**Instructions for the task:** Only the line containing "this 1280×1280 image." and those after it, up to the end of the records below, are to be set down, exactly as written.

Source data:
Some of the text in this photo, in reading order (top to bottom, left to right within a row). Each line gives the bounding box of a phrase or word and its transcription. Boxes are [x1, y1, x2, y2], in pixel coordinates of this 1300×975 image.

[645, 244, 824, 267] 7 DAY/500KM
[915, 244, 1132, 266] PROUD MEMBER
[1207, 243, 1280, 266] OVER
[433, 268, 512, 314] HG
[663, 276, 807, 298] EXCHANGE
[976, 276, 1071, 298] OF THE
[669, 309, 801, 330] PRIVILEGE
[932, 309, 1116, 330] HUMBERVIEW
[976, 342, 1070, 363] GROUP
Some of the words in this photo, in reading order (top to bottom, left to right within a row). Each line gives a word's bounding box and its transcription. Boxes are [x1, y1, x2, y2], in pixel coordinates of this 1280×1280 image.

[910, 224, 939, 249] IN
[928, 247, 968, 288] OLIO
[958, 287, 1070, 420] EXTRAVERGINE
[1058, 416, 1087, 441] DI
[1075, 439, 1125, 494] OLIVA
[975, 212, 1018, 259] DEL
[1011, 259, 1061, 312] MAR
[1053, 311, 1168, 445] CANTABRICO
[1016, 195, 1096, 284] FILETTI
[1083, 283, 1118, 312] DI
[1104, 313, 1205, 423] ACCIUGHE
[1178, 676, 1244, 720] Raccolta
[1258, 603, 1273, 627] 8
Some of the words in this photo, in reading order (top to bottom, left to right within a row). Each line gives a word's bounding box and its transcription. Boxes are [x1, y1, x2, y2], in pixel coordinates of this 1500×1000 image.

**Result of this exercise:**
Some of the words in this photo, in reading order (top to bottom, left to right within a row). Each line gives a word's bounding box and its transcription. Boxes are [x1, y1, x2, y2], in pixel coordinates of this 1280×1280 image.

[910, 224, 939, 249] IN
[928, 247, 968, 288] OLIO
[958, 287, 1070, 420] EXTRAVERGINE
[1058, 416, 1087, 441] DI
[1075, 439, 1125, 494] OLIVA
[975, 212, 1018, 259] DEL
[1011, 259, 1061, 312] MAR
[1053, 311, 1168, 445] CANTABRICO
[1016, 195, 1096, 284] FILETTI
[1083, 283, 1118, 312] DI
[1104, 313, 1205, 423] ACCIUGHE
[1178, 676, 1244, 720] Raccolta
[1258, 603, 1273, 627] 8
Some of the words in this photo, in reading order (top to bottom, left to right within a row). Each line gives a word's bounding box and its transcription. Boxes are [x1, y1, x2, y2], in pixel coordinates of this 1500×1000 image.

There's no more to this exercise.